*Dataset excerpts*.

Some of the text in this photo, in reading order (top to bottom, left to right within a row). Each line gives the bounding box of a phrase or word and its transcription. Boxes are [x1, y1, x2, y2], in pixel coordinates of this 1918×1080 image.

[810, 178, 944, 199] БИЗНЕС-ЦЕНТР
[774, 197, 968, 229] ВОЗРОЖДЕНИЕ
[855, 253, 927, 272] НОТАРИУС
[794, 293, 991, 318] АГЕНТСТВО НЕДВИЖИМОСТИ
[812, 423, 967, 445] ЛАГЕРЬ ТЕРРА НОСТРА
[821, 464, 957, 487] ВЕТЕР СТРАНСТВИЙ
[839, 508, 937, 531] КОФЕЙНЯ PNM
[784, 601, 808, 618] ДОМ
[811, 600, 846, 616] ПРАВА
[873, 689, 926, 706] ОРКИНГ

*Exercise prompt*. Write out the records in full, exactly as they appear above.

*Answer*.
Some of the text in this photo, in reading order (top to bottom, left to right within a row). Each line gives the bounding box of a phrase or word and its transcription. Boxes are [x1, y1, x2, y2], in pixel coordinates of this 1918×1080 image.

[810, 178, 944, 199] БИЗНЕС-ЦЕНТР
[774, 197, 968, 229] ВОЗРОЖДЕНИЕ
[855, 253, 927, 272] НОТАРИУС
[794, 293, 991, 318] АГЕНТСТВО НЕДВИЖИМОСТИ
[812, 423, 967, 445] ЛАГЕРЬ ТЕРРА НОСТРА
[821, 464, 957, 487] ВЕТЕР СТРАНСТВИЙ
[839, 508, 937, 531] КОФЕЙНЯ PNM
[784, 601, 808, 618] ДОМ
[811, 600, 846, 616] ПРАВА
[873, 689, 926, 706] ОРКИНГ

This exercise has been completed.